Trout were reeled in everywhere, said Kevin from Ramsey Outdoor in Succasunna. Lots were landed on Rockaway River and on Black River in Hacklebarney. One angler talked about catching on yellow Roostertails on Black River. Trout streams were low, and rain, not a lot, was finally falling this week, and anglers hoped more of the rain falls in the next days. Walleyes bit in Lake Hopatcong, and must be released through Saturday, because of spawning. The walleyes were jigged deeper down during daytime and were fought on suspending crank baits at night. Not a lot was heard about largemouth bass, and largemouths and smallmouth bass must be released through June 15, because of spawning.
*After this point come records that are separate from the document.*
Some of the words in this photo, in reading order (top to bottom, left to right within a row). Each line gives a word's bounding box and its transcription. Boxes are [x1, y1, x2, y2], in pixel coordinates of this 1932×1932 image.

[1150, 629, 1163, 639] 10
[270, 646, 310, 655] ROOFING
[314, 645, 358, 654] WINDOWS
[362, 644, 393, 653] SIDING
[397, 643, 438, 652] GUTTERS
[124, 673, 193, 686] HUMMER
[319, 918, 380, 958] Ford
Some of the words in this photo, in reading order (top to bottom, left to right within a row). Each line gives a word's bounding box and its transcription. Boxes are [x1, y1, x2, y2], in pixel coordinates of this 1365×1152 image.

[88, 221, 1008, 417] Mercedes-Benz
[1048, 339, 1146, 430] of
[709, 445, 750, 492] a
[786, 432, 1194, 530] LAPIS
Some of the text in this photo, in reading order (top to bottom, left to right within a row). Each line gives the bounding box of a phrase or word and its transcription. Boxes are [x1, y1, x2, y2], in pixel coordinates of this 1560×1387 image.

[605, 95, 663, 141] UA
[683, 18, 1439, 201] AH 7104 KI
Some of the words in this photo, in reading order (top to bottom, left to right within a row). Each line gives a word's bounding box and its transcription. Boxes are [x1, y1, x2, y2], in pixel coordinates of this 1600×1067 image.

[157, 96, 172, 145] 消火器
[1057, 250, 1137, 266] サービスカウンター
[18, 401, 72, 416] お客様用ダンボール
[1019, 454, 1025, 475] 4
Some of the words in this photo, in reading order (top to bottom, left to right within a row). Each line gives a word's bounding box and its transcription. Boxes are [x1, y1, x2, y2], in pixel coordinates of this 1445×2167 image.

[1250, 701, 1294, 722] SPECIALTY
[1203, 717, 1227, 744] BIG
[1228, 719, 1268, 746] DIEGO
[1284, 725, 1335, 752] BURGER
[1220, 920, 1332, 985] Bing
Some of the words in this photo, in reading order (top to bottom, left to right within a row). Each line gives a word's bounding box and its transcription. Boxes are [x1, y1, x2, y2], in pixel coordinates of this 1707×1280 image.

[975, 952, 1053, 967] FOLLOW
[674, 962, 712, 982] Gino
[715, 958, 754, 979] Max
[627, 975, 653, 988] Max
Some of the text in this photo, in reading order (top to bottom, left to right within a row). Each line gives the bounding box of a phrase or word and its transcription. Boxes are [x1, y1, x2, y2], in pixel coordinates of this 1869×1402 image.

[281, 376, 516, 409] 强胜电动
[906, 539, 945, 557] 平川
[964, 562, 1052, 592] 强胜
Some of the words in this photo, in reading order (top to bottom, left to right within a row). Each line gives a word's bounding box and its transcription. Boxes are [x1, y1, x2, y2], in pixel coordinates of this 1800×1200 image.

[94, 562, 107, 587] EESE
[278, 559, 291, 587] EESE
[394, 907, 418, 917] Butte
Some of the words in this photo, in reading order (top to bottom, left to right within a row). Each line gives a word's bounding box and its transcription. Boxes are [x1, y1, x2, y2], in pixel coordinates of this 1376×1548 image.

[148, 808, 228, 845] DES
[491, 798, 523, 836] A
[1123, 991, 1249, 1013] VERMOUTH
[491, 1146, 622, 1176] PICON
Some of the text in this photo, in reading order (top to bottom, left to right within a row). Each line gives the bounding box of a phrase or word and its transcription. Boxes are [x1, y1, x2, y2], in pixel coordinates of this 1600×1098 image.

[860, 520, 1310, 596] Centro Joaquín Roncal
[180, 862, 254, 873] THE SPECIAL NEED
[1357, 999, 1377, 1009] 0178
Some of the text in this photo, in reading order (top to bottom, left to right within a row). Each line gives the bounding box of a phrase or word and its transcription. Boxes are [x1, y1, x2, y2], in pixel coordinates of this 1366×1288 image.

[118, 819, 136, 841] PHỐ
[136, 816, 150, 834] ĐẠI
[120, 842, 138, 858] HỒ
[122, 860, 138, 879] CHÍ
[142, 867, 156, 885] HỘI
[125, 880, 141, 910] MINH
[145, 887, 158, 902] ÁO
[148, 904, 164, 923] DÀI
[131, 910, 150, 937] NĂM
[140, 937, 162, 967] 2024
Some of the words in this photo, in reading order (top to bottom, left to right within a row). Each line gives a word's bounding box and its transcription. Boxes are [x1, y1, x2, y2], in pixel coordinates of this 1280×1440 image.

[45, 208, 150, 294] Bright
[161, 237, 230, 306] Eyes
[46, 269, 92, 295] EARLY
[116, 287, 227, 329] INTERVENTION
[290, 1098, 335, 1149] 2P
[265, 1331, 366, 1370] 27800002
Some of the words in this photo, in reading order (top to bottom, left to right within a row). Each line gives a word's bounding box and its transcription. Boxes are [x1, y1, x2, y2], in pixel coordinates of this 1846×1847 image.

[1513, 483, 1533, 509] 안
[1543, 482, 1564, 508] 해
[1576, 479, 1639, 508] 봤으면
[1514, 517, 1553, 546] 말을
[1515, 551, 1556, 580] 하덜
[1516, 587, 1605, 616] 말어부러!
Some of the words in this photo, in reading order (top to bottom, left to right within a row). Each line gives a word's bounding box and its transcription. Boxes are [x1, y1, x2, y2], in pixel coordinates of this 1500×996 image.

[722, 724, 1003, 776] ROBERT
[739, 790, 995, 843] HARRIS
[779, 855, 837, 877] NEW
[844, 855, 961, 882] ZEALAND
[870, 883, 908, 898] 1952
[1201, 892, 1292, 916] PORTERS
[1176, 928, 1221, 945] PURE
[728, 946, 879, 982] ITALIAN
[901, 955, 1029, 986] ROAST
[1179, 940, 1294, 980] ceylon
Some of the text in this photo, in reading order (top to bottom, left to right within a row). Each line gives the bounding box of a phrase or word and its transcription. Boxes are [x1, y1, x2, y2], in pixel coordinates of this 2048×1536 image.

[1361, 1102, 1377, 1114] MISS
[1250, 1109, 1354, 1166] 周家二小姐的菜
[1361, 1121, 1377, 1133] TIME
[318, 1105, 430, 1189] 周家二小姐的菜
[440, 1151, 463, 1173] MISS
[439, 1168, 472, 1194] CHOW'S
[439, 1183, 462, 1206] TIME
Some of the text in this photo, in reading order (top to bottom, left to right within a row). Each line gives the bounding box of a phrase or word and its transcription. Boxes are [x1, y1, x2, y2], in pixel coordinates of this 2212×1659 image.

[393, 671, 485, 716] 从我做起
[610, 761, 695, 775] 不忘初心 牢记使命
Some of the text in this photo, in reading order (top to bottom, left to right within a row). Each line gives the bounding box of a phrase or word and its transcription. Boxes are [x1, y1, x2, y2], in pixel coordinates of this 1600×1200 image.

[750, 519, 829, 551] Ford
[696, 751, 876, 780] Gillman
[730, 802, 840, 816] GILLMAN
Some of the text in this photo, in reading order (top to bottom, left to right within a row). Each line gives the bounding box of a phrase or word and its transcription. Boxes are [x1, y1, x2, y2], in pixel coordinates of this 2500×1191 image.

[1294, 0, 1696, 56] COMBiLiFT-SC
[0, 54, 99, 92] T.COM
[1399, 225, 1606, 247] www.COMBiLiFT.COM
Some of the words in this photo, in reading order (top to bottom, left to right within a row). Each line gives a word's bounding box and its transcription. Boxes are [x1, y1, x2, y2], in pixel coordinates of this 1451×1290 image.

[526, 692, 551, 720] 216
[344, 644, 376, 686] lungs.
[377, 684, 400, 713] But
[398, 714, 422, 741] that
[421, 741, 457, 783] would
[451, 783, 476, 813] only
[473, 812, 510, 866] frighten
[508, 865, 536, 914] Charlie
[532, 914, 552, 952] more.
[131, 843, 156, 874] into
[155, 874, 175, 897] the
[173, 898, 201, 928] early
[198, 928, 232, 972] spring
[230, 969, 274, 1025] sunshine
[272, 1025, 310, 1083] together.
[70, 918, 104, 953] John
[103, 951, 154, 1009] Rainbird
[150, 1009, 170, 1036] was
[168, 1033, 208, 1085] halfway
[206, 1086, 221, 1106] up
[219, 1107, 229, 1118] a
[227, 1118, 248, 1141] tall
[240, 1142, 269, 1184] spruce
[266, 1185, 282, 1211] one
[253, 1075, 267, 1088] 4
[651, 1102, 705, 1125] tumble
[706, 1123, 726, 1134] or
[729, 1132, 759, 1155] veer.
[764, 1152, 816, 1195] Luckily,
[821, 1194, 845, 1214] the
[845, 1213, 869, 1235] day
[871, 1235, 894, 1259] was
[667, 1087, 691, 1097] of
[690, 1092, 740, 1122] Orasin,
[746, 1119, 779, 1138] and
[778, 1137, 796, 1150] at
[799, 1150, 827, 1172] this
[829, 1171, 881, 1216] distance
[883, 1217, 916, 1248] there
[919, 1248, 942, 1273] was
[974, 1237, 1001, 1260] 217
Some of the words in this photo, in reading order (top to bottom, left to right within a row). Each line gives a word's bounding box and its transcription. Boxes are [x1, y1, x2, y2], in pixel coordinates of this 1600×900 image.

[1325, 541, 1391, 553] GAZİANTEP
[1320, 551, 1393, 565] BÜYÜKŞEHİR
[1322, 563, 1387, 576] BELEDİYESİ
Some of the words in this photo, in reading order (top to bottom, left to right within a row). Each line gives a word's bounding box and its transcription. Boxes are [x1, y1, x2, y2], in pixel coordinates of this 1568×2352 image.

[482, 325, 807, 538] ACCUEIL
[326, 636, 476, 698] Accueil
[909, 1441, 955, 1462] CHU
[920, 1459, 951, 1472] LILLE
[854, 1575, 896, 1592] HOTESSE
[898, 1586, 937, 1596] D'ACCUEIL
Largemouths were probably about to be in pre-spawn, and will probably begin spawning next week or the week after. Now was probably the last feed for largemouths, and they were hooked from Lake Hopatcong and Lake Musconetcong. That was on white spinner baits or chrome-and-blue Rat-L-Traps or chrome-and-black Rat-L-Traps, fished right over top weeds.

Good fishing was angled from Passaic River, said Larry from Fairfield Fishing Tackle in Pine Brook. But anglers needed to find the holes where fish held, because of low water, even after rain yesterday. Northern pike were fought on big spinner baits, and carp were heaved in on carp bait and nightcrawlers, on the river. Trout fishing was similar: anglers needed to find the holes in low water, but when they found the fish, the catches were on. Largemouth bass fishing was reportedly excellent on Lake Hopatcong, and a few smallmouth bass were supposedly hung there. Anglers said the bass weren’t quite spawning yet. Soft-plastic baits and jerk baits connected, and both bass species must be released through June 15 for spawning. From saltwater, Raritan Bay’s striped bass fishing sounded hit and miss, and not peaked yet. Boaters marked tons, but whether the fish bit was day to day.